Curse of the Jade Lily (2 page)

Read Curse of the Jade Lily Online

Authors: David Housewright

Tags: #Mystery & Detective, #Private Investigators, #Fiction, #Hard-Boiled, #General

BOOK: Curse of the Jade Lily
11.2Mb size Format: txt, pdf, ePub

“What difference does it make if the artnappers asked for you? You don’t know who they are. It has nothing to do with you.”

“Besides, you don’t need me.”

“Don’t need you, don’t want you.”

“If I don’t act as go-between, the thief, the thieves, they’ll find someone else.”

“For one-point-three mill, you know they will.” Donatucci stood up and started buttoning his coat. “Just go about your business, McKenzie. Tend your turkeys. Forget about the Jade Lily. Forget I was even here.”

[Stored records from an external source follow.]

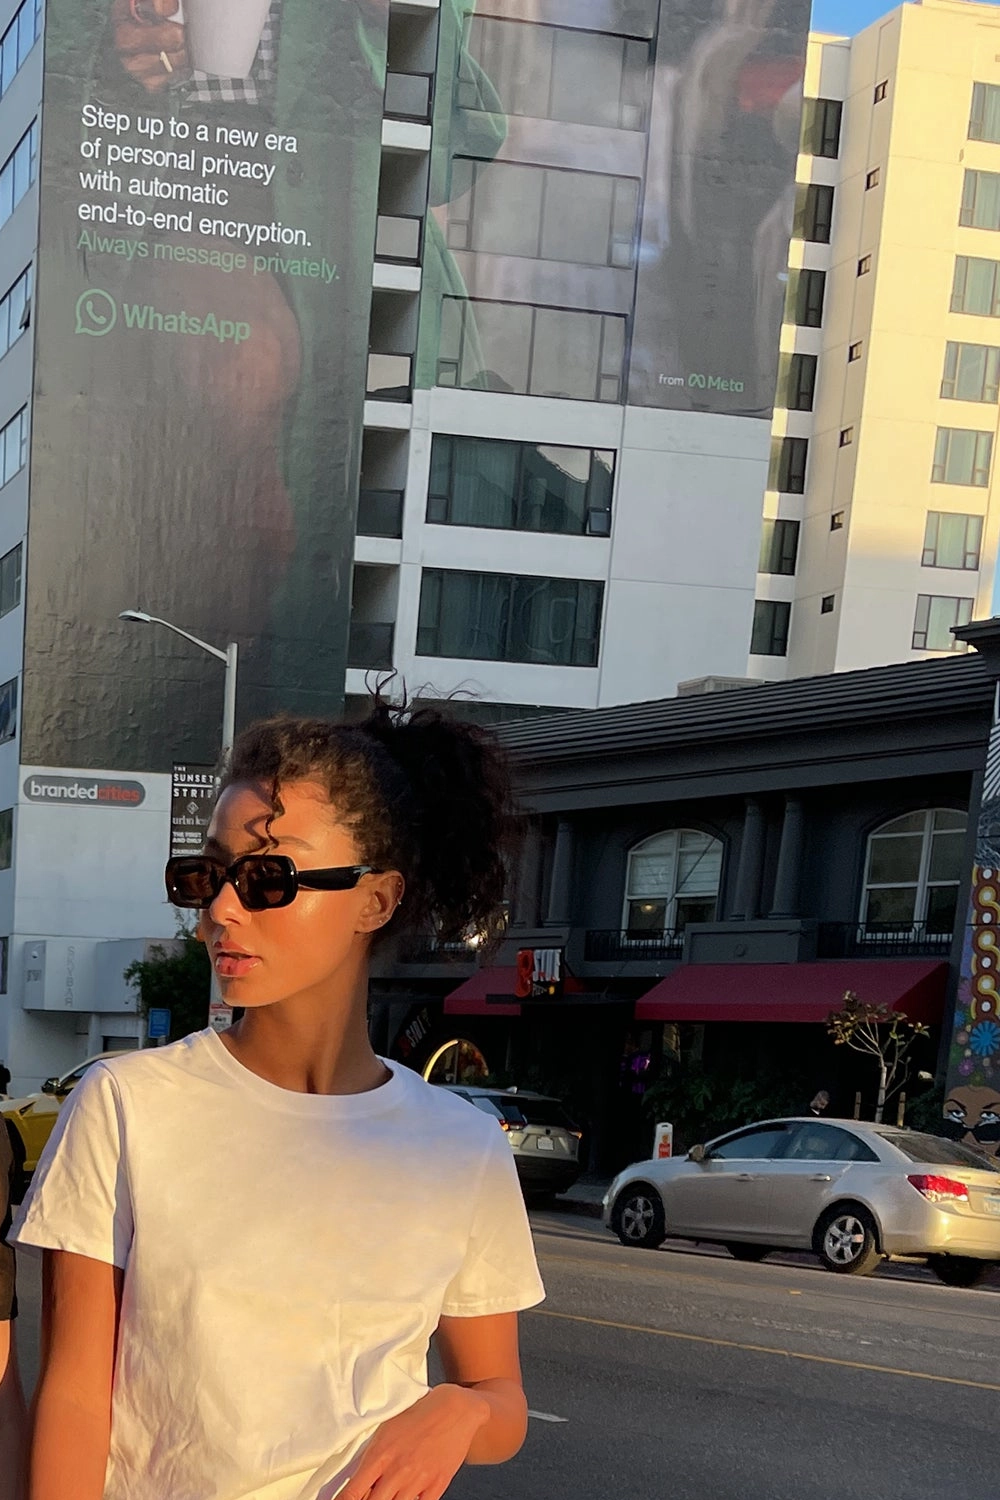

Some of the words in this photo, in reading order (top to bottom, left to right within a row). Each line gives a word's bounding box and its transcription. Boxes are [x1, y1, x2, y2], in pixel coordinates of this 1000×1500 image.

[81, 104, 130, 135] Step
[137, 116, 164, 140] up
[169, 116, 190, 139] to
[196, 124, 209, 142] a
[216, 126, 259, 147] new
[264, 133, 298, 153] era
[80, 138, 102, 158] of
[107, 143, 195, 171] personal
[202, 154, 276, 185] privacy
[79, 169, 122, 193] with
[128, 177, 229, 206] automatic
[78, 202, 193, 232] end-to-end
[199, 217, 312, 247] encryption.
[77, 229, 149, 261] Always
[154, 242, 247, 273] message
[253, 252, 341, 284] privately.
[122, 303, 250, 345] WhatsApp
[658, 373, 684, 386] from
[707, 376, 744, 392] Meta
[173, 773, 214, 783] SUNSET
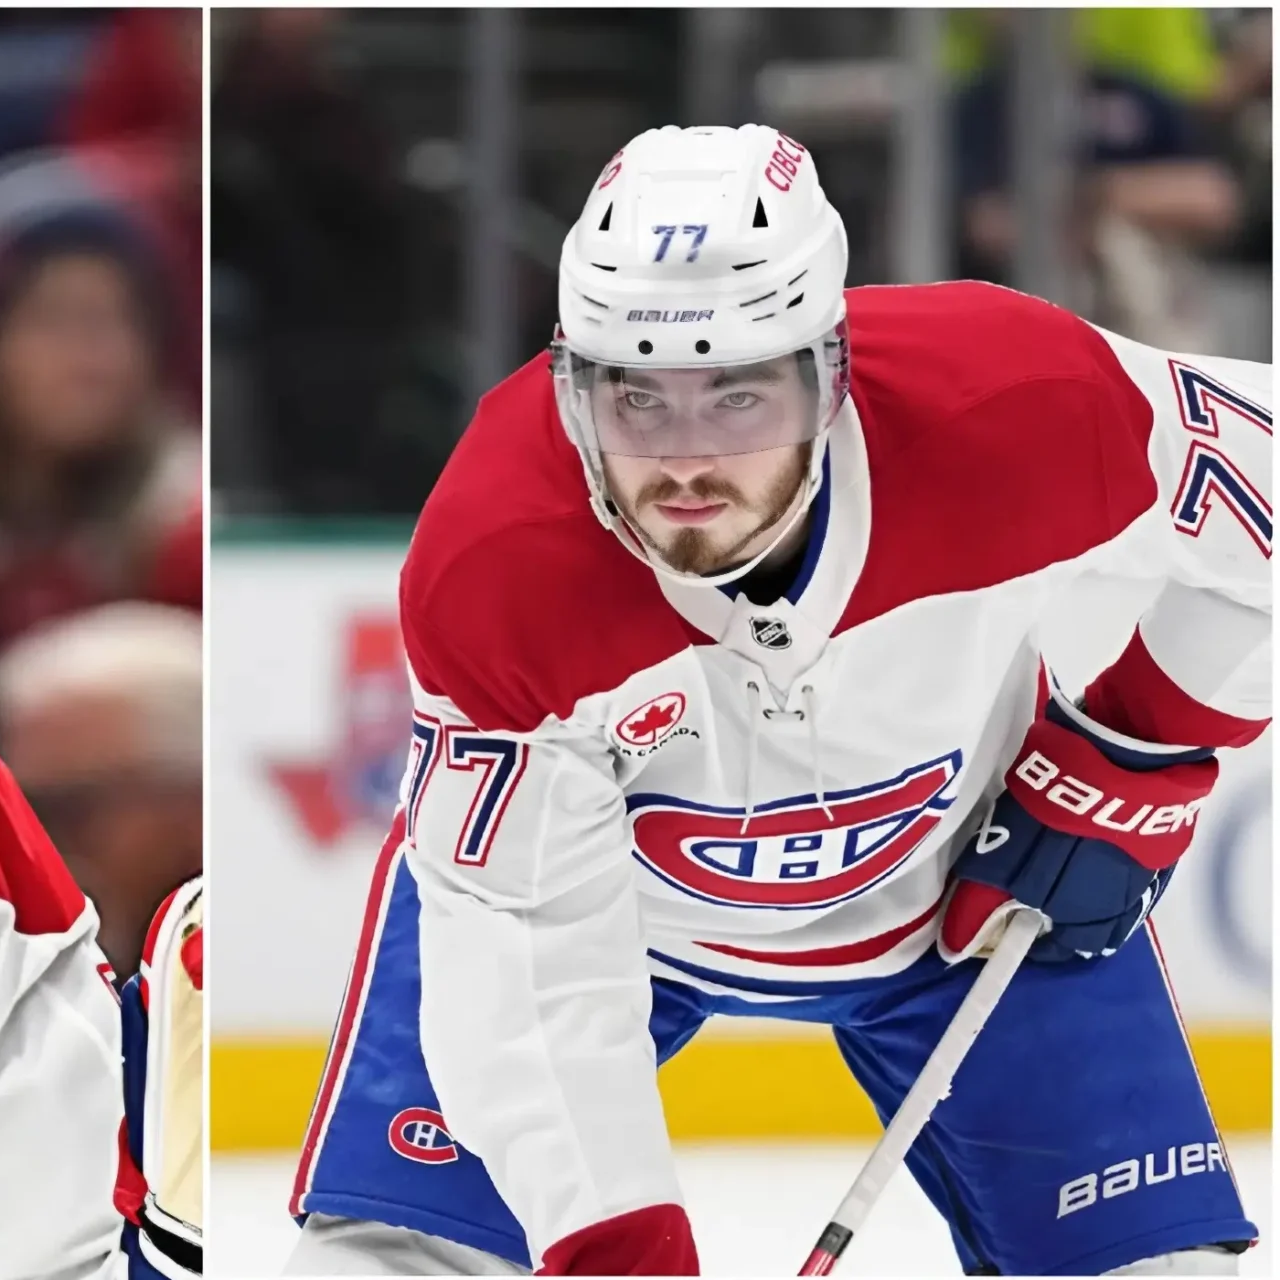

I stared out the window, watching the turkeys peck at the food on top of the box.

Batman was a vigilante nut job,
my inner voice said.
That’s not me. It’s not! Still, he was my favorite superhero when I was a kid. Him and Spider-Man, who was a bit of a vigilante, too.
I took a deep breath.
Damn the Lily. Damn the thieves. Damn Mr. Donatucci, that old man. He should have retired years ago.

Donatucci made his way as noisily as possible to the arch between the kitchen and the dining room. I turned toward him just as he knew I would. He was smiling again.

“Do you play chess, Mr. Donatucci?”

“Yes. Do you?”

“Yeah, but apparently not very well.”

“We should play sometime.”

“I think we already have. One hundred twenty-seven thousand.”

“Excuse me?”

“You said ten percent of the ransom. That’s a hundred and twenty-seven thousand.”

“So it is.”

“Plus expenses.”

“In that case, you can buy lunch.”

Dammit.

*   *   *

Besides Mr. Donatucci and myself, there were six men and one woman gathered around a long table in a windowless conference room. Three of the men looked as if they wished they were somewhere else doing something far more important. From the expressions on the faces of the other three, this was as much fun as they’d had in quite a while. The woman, on the other hand, was visibly agitated. She was one of those ultra-chic plus-size gals that gave you the impression she could have been Heidi Klum if only she dropped a hundred pounds.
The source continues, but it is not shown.